Vergessene Komponisten: Lieder-Matinée
So. 6. April 2025 | 11:30 Uhr
Kammermusik und Lieder mit Werken von Otto Martin (1887–1967).
Ausführende: Gregor van den Boom & Ensemble
Otto Martin stammte ursprünglich aus Straßburg. Dort wurde er 1887 unter dem Namen Martin Otto Meyer geboren. Nach seinem Schulabschluss begann er ein Privatstudium in Frankfurt und besuchte anschließend von 1913 bis 1916 das Konservatorium in Köln. Schon früh wurde er als Komponist von Liedern bekannt. Er veranstaltete in Frankfurt, Worms und Dortmund Liederabende und veröffentlichte auch mehrere Lieder in einem Kölner Musikverlag. 1918 wurde er stellvertretender Direktor des Holtschneider Konservatoriums zu Dortmund. Ab 1919 leitete er das Holtschneider Konservatorium in Hörde. Unter seiner Leitung versechsfachte sich die Anzahl der Schüler innerhalb eines Jahres.

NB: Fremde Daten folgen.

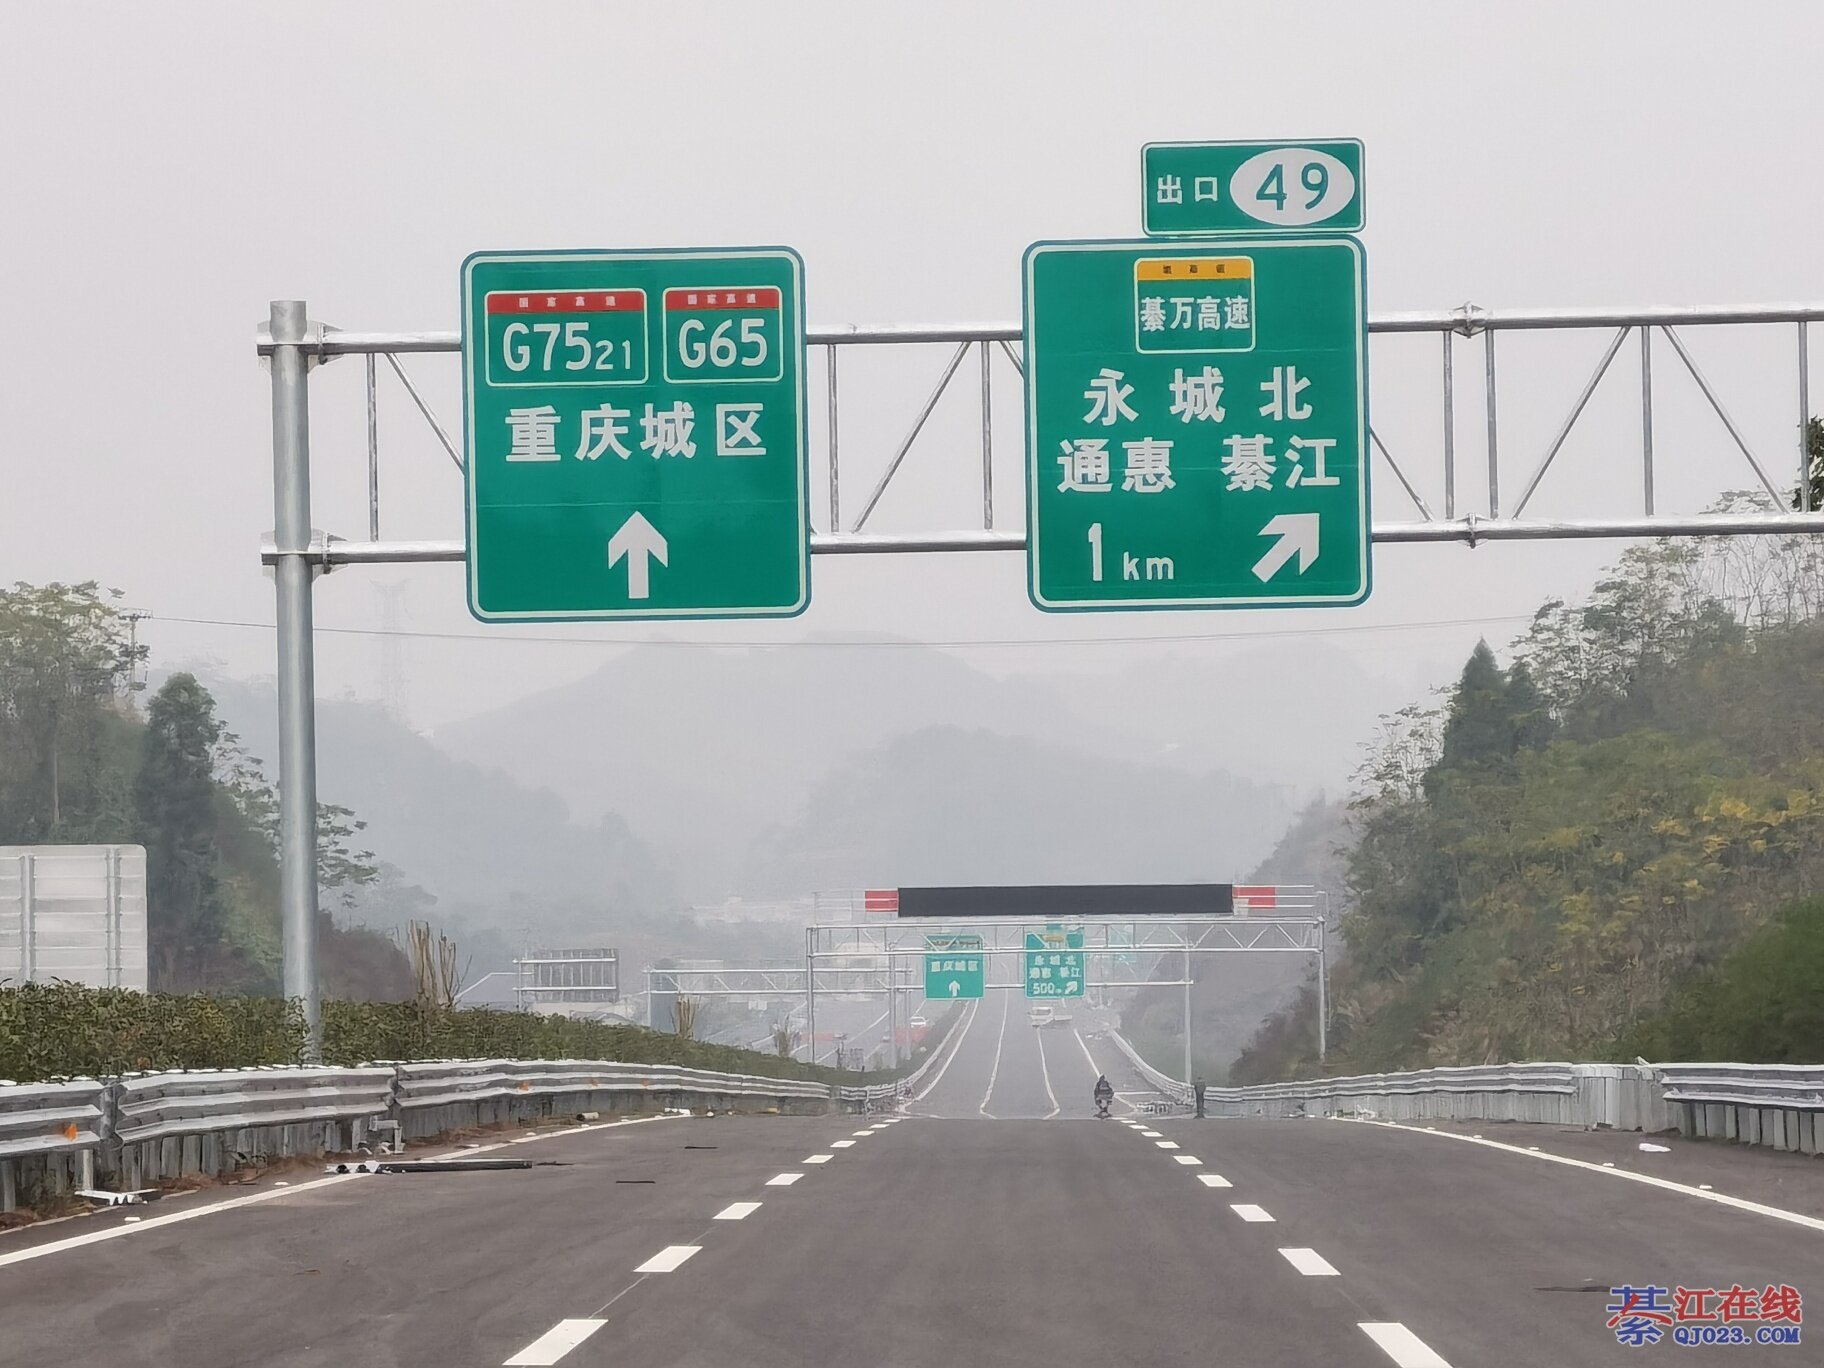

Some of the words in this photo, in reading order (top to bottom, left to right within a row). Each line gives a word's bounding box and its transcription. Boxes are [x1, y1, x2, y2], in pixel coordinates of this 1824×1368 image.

Schließlich gründete Martin ein eigenes Musikinstitut in Lünen: Im Februar 1922 eröffnete die private „Lüner Musikschule“ in den Räumen des Realgymnasiums (später Freiherr-vom-Stein-Gymnasium). Die Musikschule war schnell erfolgreich: Otto Martin war nicht nur äußerst engagiert, er war bei seinen Schülern auch sehr beliebt. Bereits 1926 wurde Martin von zwei Fachlehrern unterstützt. Doch die Inflation und der allgemeine wirtschaftliche Niedergang führten dazu, dass die Stadt die Schule nicht weiter finanziell unterstützen konnte. Otto Martin musste schließlich neben dem laufenden Geschäft täglich acht bis zehn Stunden selbst unterrichten. 1931 zog die Musikschule in die evangelische Stadtschule um, da die Räumlichkeiten des Realgymnasiums zu klein geworden waren. Im selben Jahr wurde Otto Martins Symphonie in e-Moll im Stadttheater Bochum uraufgeführt.
Trotz seiner großen Beliebtheit bei seinen Schülern und seiner künstlerischen Erfolge begann mit der nationalsozialistischen Herrschaft der unaufhaltsame Niedergang von Otto Martins Musikschule. Die ehemalige Schülerin Isolde Quitmann erinnert sich, dass Otto Martin und seine Frau es immer verstanden haben, Jugendliche zu begeistern. 1936 habe Quitmann dann von Martins jüdischer Abstammung erfahren. Von diesem Zeitpunkt an durfte sie keinen Unterricht mehr nehmen.
Nicht nur die Schülerzahl sank, auch Martins Kompositionen wurden nicht mehr verkauft oder aufgeführt. Schließlich durfte Martin ab 1936 nur noch jüdische „Mischlinge“ unterrichten, da er kein Mitglied der Reichsmusikkammer war. Zwei Jahre lang versuchte das Ehepaar, die Musikschule weiterzuführen, 1938 gaben sie schließlich auf.
Das Ehepaar sah nicht nur seine berufliche Existenz zerstört, sondern erkannte auch die Gefahr für sein Leben und floh im Dezember 1938 zu Bekannten nach Straßburg. Dort saß Otto Martin in verschiedenen Internierungslagern. Diese Internierungslager wurden ab November 1938 genutzt, „unerwünschte Ausländer“ zu sammeln. Darunter fanden sich viele Juden, die vor dem Nazi-Regime geflohen waren, um von dort in die Vernichtungslager deportiert zu werden. Mit Hilfe seines Freundes Fritz Münch, einem Dirigenten aus Straßburg, aber auch dank der Fürsprache Albert Schweitzers überlebte Otto Martin den Krieg und den NS-Terror.
Otto Martin stellte einen Antrag, um als Opfer der nationalsozialistischen Verfolgung anerkannt zu werden. 1954 erhielt Martin einen positiven Bescheid und hatte damit Anspruch auf Entschädigung. Seinen Lebensabend verbrachte der Komponist und Musikpädagoge in einem Altersheim in Kirchzarten. Dort starb er 1967 – kurz nachdem er Lünen noch einmal besucht hatte. Hier wurde im Heinz-Hilpert-Theater seine Symphonie aufgeführt.